* **THE TASK**
Leaving every image behind, reproduce the records word for word.

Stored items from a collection
# # # # #

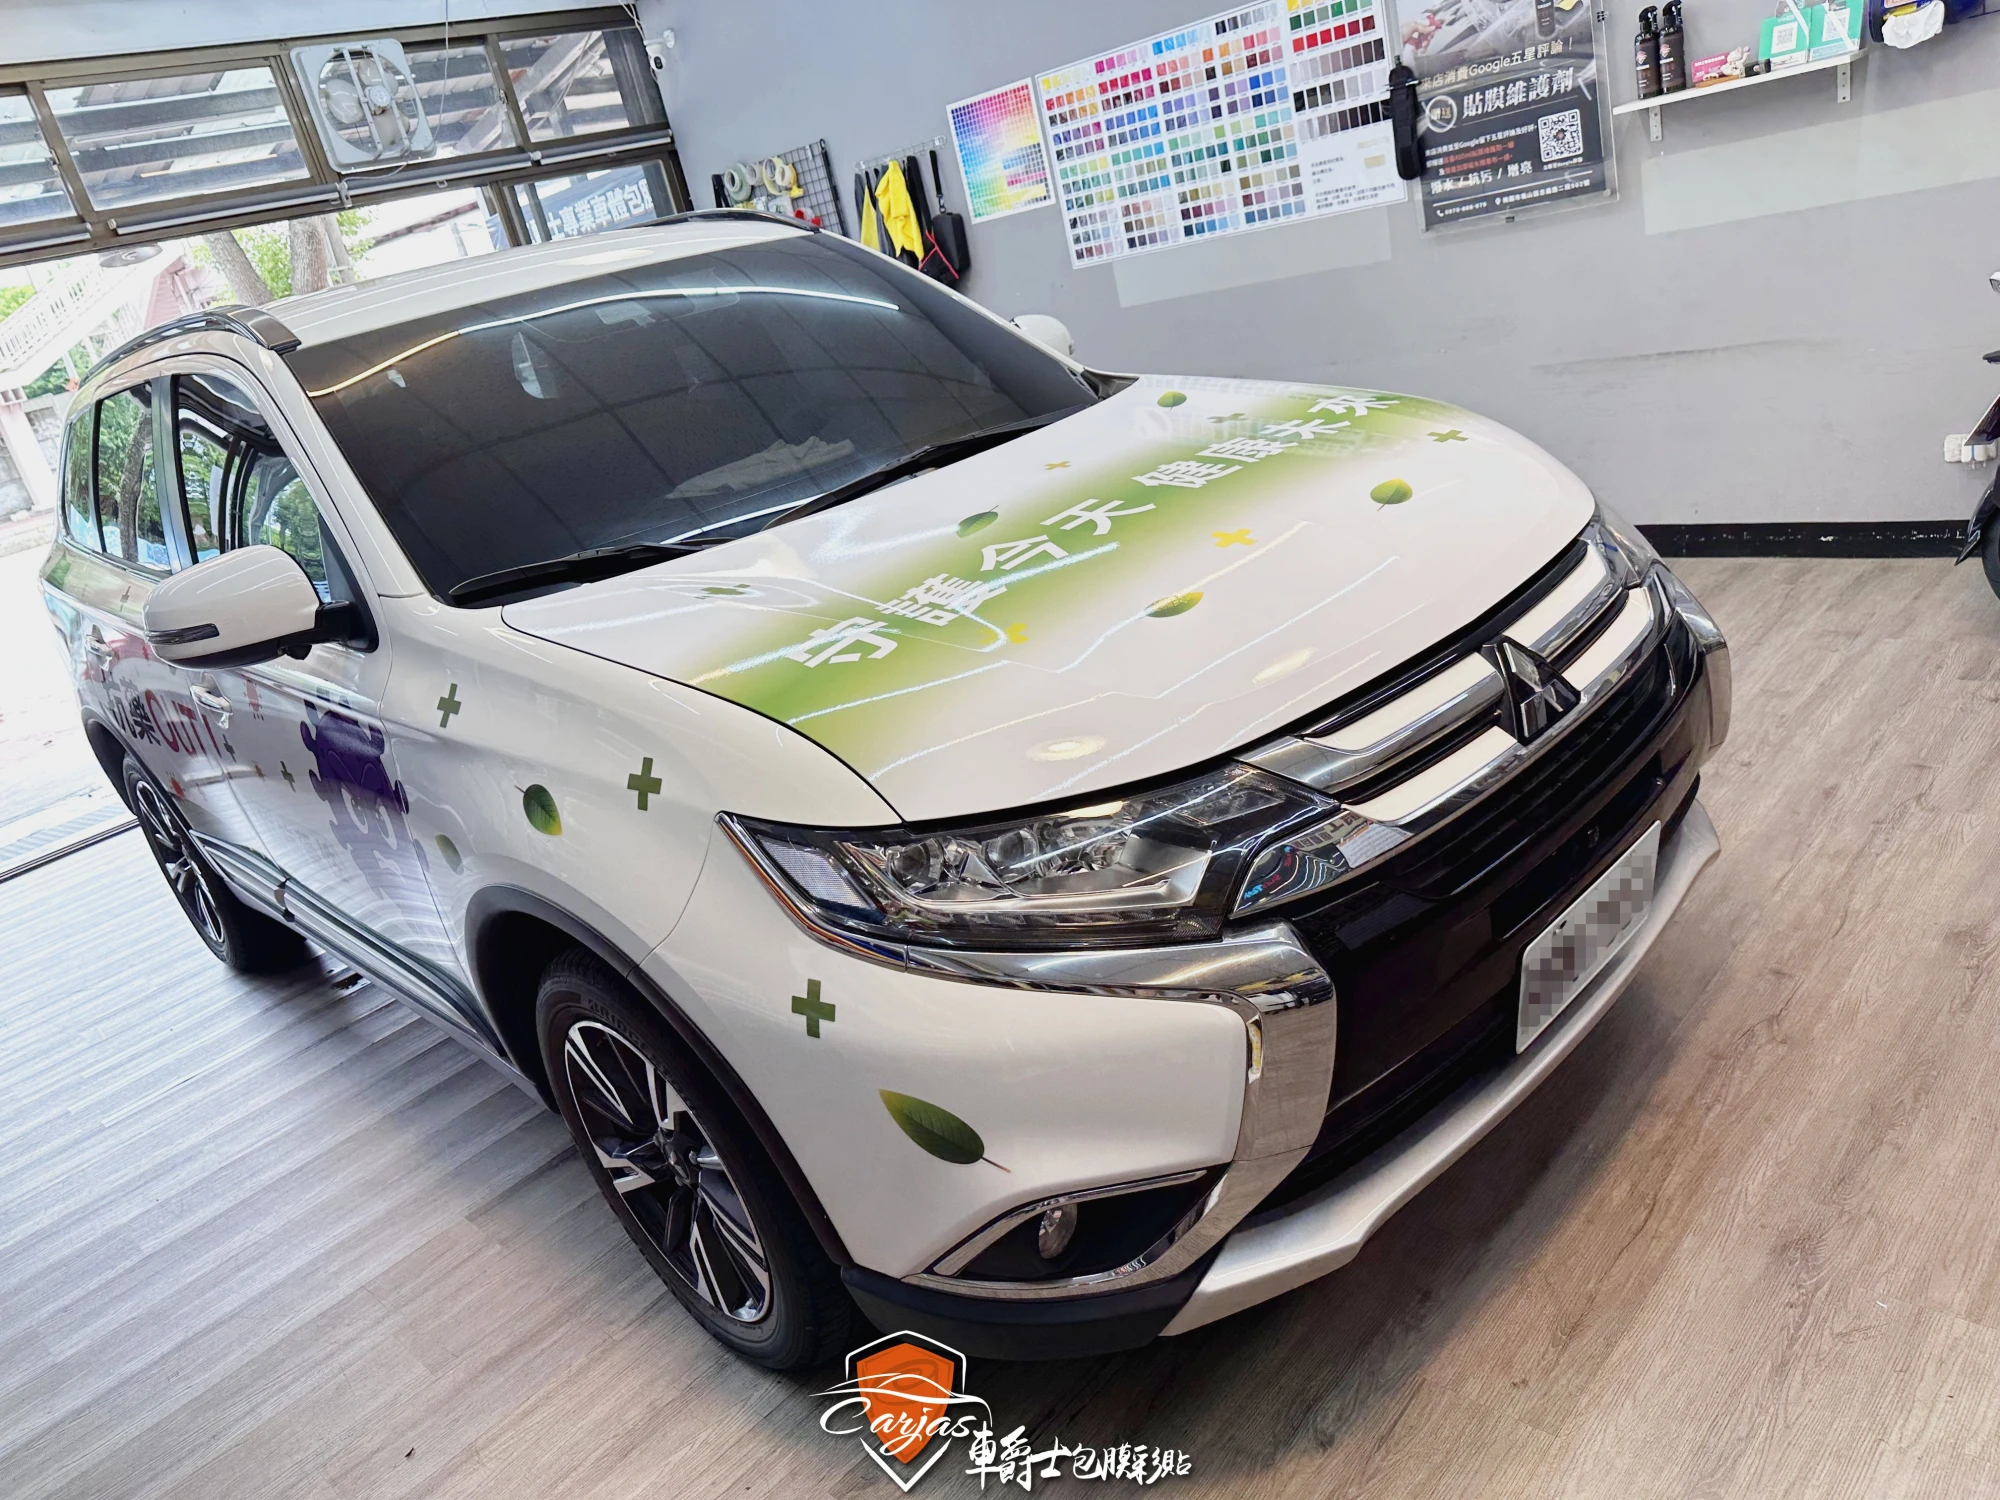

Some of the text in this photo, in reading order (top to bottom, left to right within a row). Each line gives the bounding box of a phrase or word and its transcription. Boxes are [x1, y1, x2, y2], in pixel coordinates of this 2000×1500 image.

[1462, 67, 1574, 119] 貼膜維護劑
[1507, 160, 1533, 178] 增亮
[786, 395, 1400, 668] 守護今天 健康未來
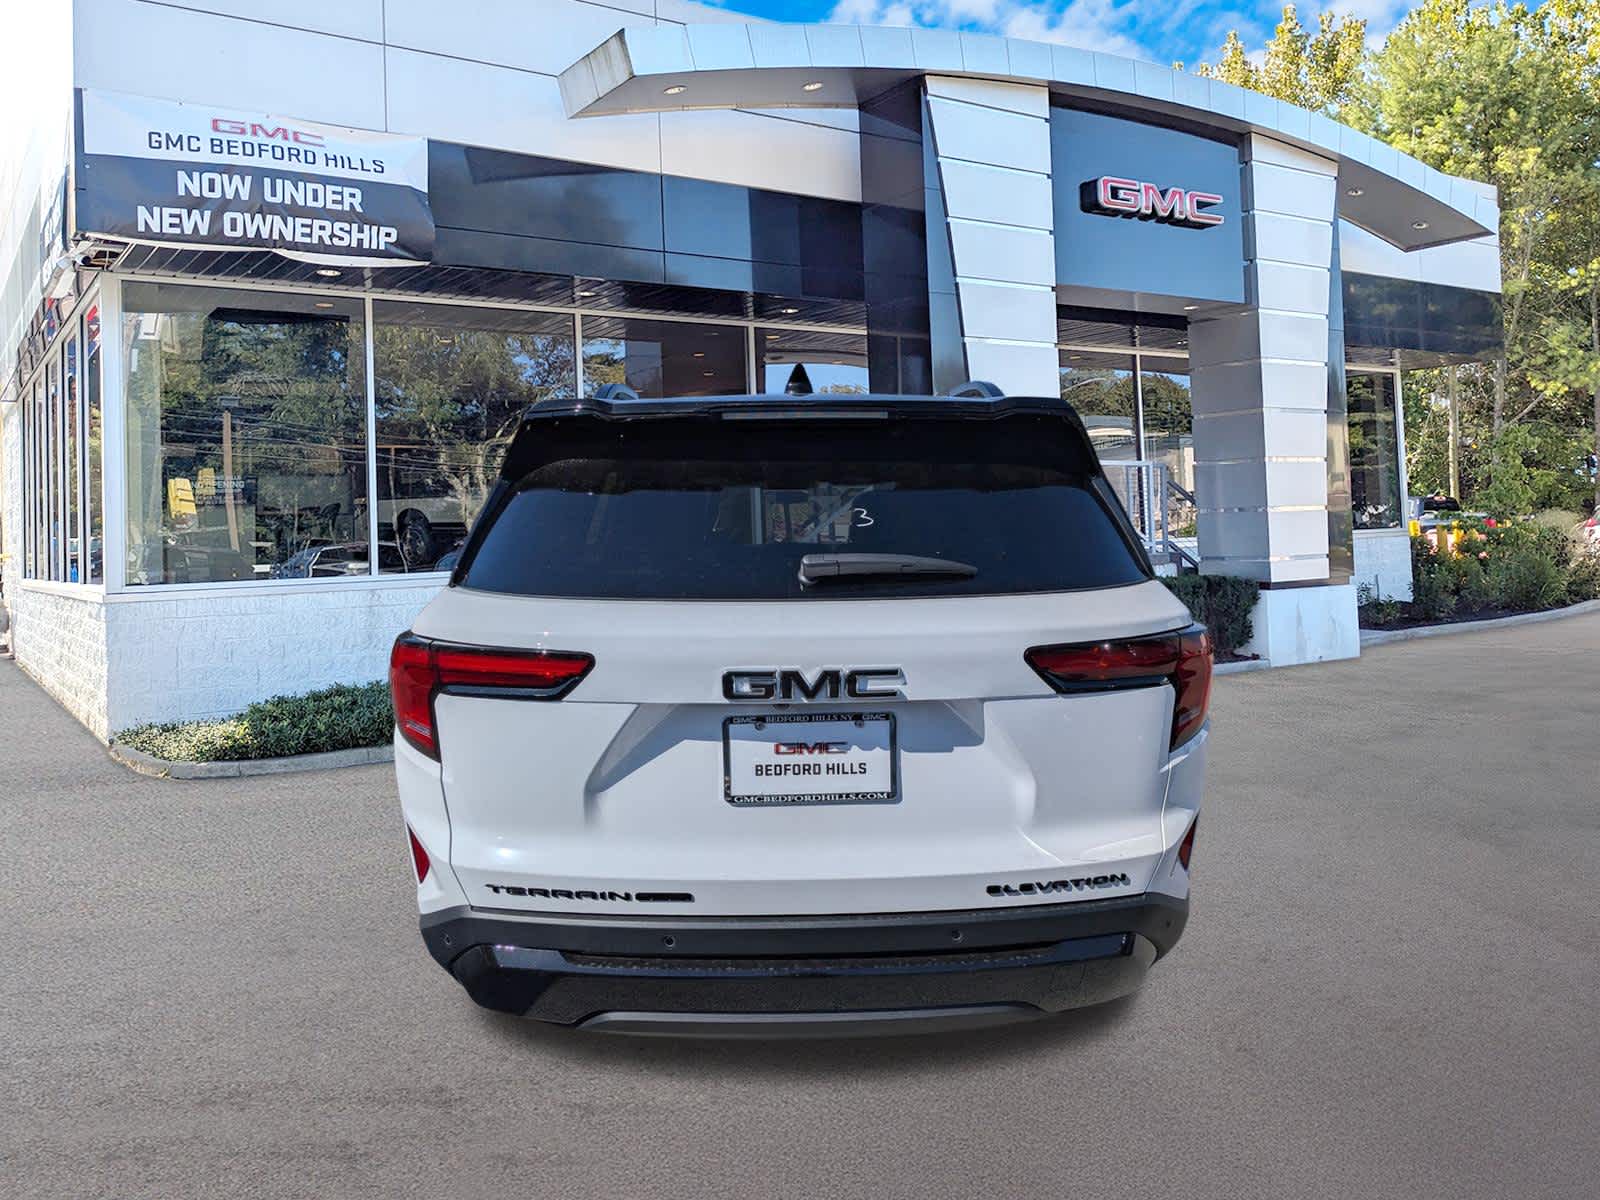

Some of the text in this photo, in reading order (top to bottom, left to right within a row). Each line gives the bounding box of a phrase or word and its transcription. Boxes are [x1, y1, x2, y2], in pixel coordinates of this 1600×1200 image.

[211, 117, 326, 148] GMC
[148, 131, 385, 174] GMC BEDFORD HILLS
[177, 170, 364, 213] NOW UNDER
[1096, 175, 1225, 225] GMC
[137, 205, 398, 250] NEW OWNERSHIP
[853, 507, 875, 528] 3
[722, 667, 906, 700] GMC
[732, 716, 757, 724] GMC
[765, 713, 854, 723] BEDFORD HILLS NY
[862, 713, 887, 721] GMC
[774, 741, 849, 756] GMC
[755, 762, 867, 776] BEDFORD HILLS
[733, 791, 889, 804] GMCBEDFORDHILLS.COM
[485, 883, 633, 902] TERRAIN
[986, 872, 1130, 896] ELEVATION

# # # # #

* **RESPONSE TO THIS TASK**
Some of the text in this photo, in reading order (top to bottom, left to right within a row). Each line gives the bounding box of a phrase or word and its transcription. Boxes are [x1, y1, x2, y2], in pixel coordinates of this 2000×1500 image.

[1462, 67, 1574, 119] 貼膜維護劑
[1507, 160, 1533, 178] 增亮
[786, 395, 1400, 668] 守護今天 健康未來

Some of the text in this photo, in reading order (top to bottom, left to right within a row). Each line gives the bounding box of a phrase or word and its transcription. Boxes are [x1, y1, x2, y2], in pixel coordinates of this 1600×1200 image.

[211, 117, 326, 148] GMC
[148, 131, 385, 174] GMC BEDFORD HILLS
[177, 170, 364, 213] NOW UNDER
[1096, 175, 1225, 225] GMC
[137, 205, 398, 250] NEW OWNERSHIP
[853, 507, 875, 528] 3
[722, 667, 906, 700] GMC
[732, 716, 757, 724] GMC
[765, 713, 854, 723] BEDFORD HILLS NY
[862, 713, 887, 721] GMC
[774, 741, 849, 756] GMC
[755, 762, 867, 776] BEDFORD HILLS
[733, 791, 889, 804] GMCBEDFORDHILLS.COM
[485, 883, 633, 902] TERRAIN
[986, 872, 1130, 896] ELEVATION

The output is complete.